Assigned task |
Please transcribe the data below in full, word for word, without the images.
....................
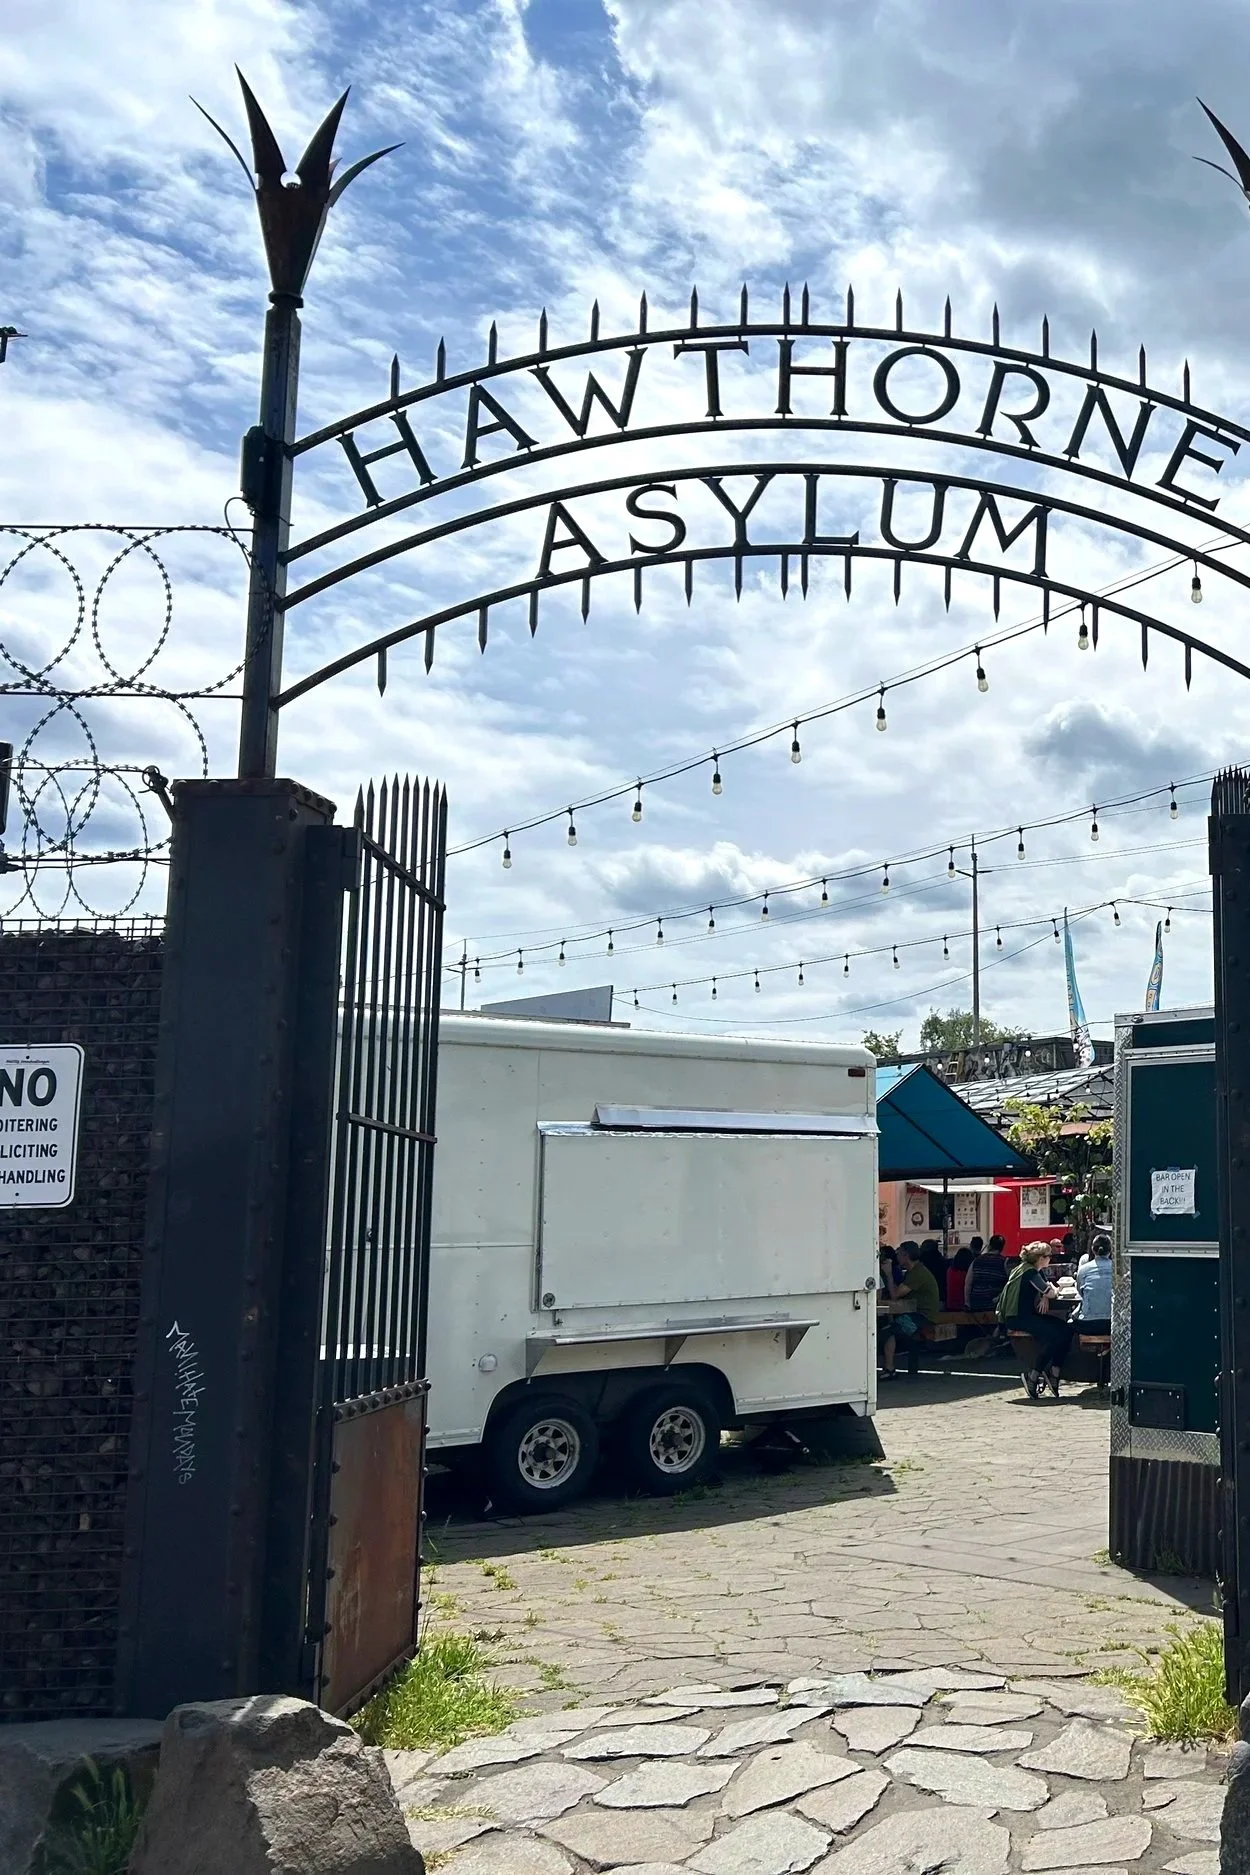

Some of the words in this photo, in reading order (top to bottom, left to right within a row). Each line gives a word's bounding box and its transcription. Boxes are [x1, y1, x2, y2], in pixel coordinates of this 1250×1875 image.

[336, 338, 1241, 512] HAWTHORNE
[535, 474, 1053, 578] ASYLUM
[0, 1067, 57, 1107] NO
[0, 1144, 58, 1158] LICITING
[1156, 1173, 1170, 1181] BAR
[1171, 1172, 1190, 1181] OPEN
[1161, 1185, 1169, 1193] IN
[1171, 1185, 1185, 1193] THE
....................
Answer to the exercise |
Some of the words in this photo, in reading order (top to bottom, left to right within a row). Each line gives a word's bounding box and its transcription. Boxes are [x1, y1, x2, y2], in pixel coordinates of this 1250×1875 image.

[336, 338, 1241, 512] HAWTHORNE
[535, 474, 1053, 578] ASYLUM
[0, 1067, 57, 1107] NO
[0, 1144, 58, 1158] LICITING
[1156, 1173, 1170, 1181] BAR
[1171, 1172, 1190, 1181] OPEN
[1161, 1185, 1169, 1193] IN
[1171, 1185, 1185, 1193] THE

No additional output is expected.